Studies have highlighted healthcare inequalities between black patients and white patients in the Untied States, according to AJPH.

The doctors are less likely to take some groups seriously when they say that they are in pain. Studies indicate that black patients are likely to have their pain level underestimated and it can affect their treatment and their recovery.

One of the focuses in the study was to study the mystery of why black patients have higher levels of pain. The study found that radiologists examining very similar arthritis cases would find that black patients reported more pain than white patients.

However, the algorithm indicated that the cases were less similar than what they appeared. It took account of additional undiagnosed features that would be overlooked by doctors employing the commonly use radiographic grading systems.

Since patients who reported severe pain and scored highly on the algorithm's own measure, but low on the official grading systems were more likely to be black, it also suggests traditional diagnostics may be ill serving.

The study is getting attention because AI has been accused of being discriminatory too. This is usually because the datasets the algorithm was trained on suffered from accidental bias, according to PNAS.
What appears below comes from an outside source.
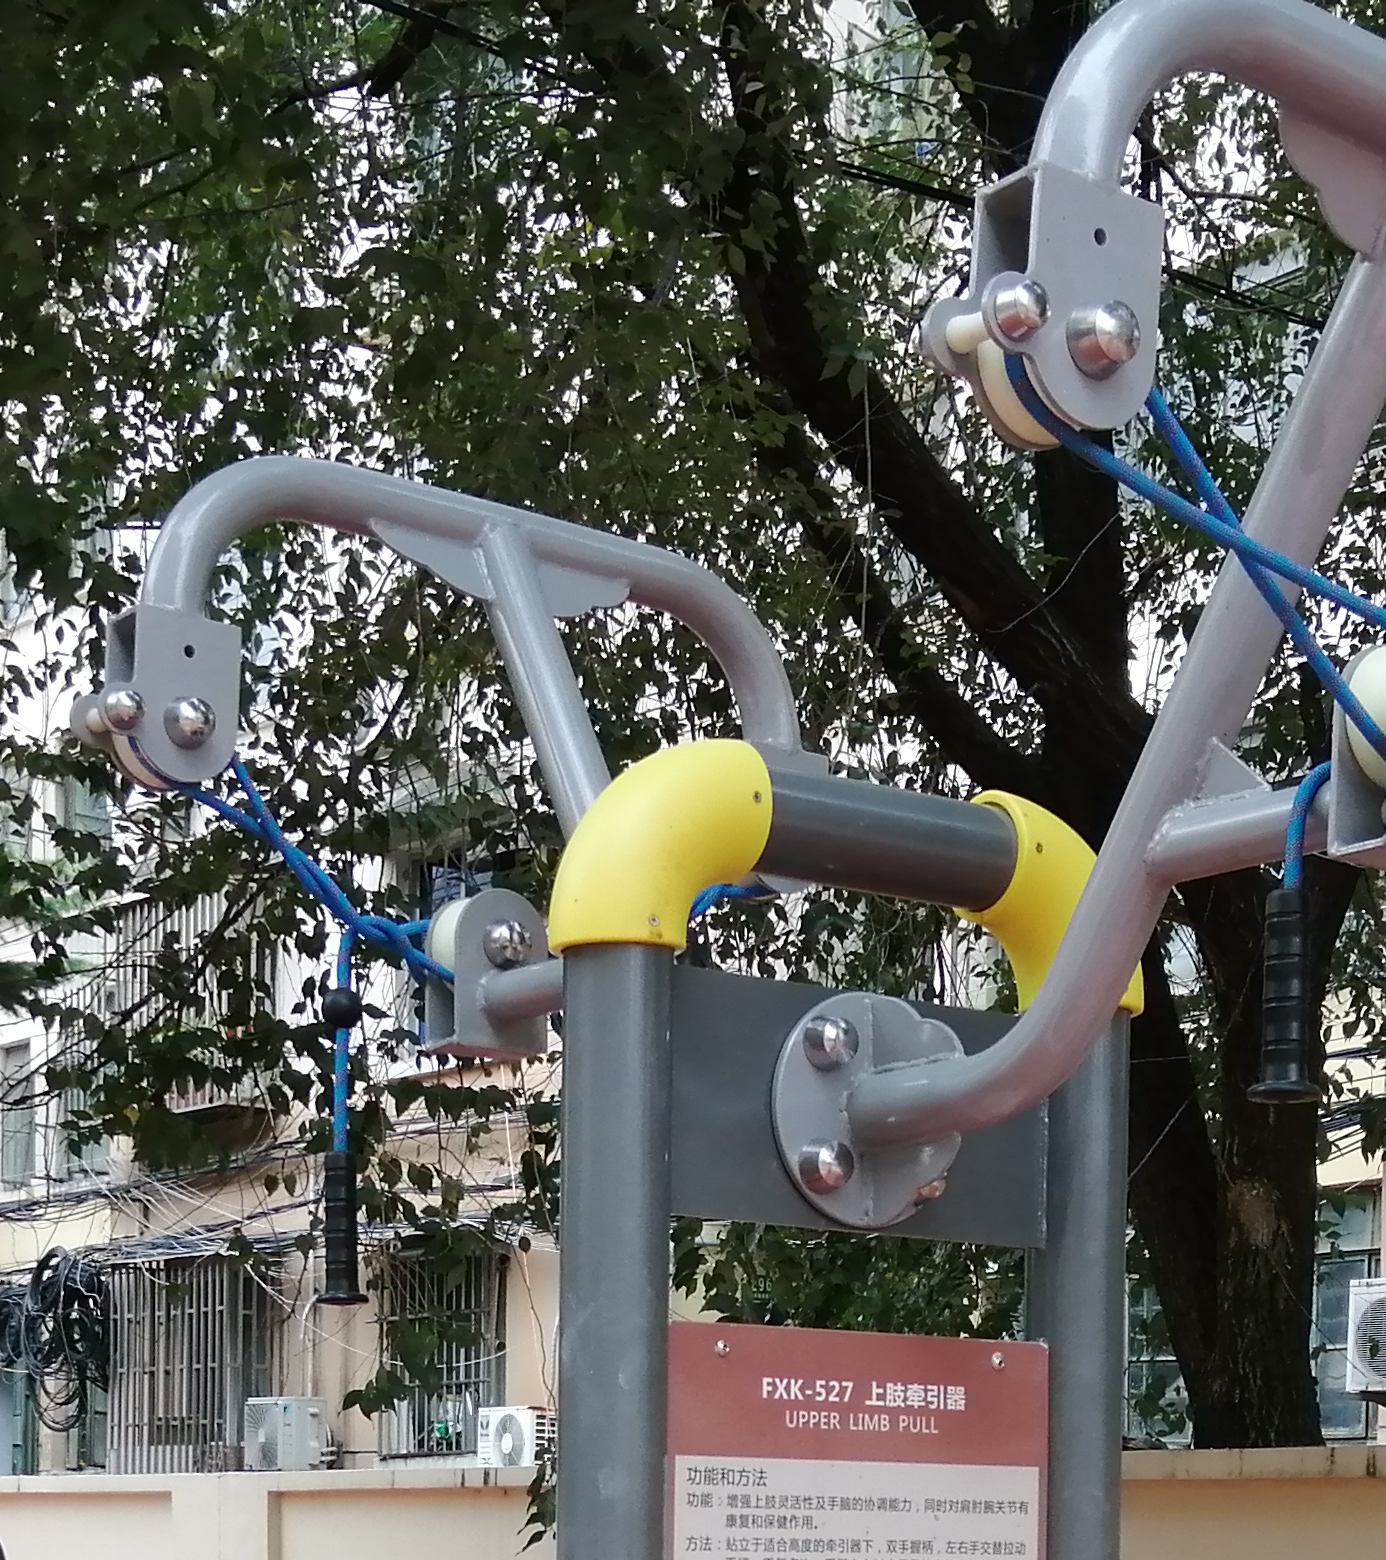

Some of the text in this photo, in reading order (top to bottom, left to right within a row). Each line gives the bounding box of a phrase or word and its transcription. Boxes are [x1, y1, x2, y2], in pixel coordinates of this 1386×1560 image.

The resulting algorithm would probably be less accurate when applied to the smaller group than one that will make up the majority of the country's population.

The charge is that AI systems often suffer from bias because they have learned to distinguish patters in the features and the habits of white people that may not work as well when it is applied to people of other skin tones.

The use of artificial intelligence in healthcare is not meant to replace a doctor, it is to be used to assist doctors, especially with tasks that are usually tedious or don't directly correlate to patient care.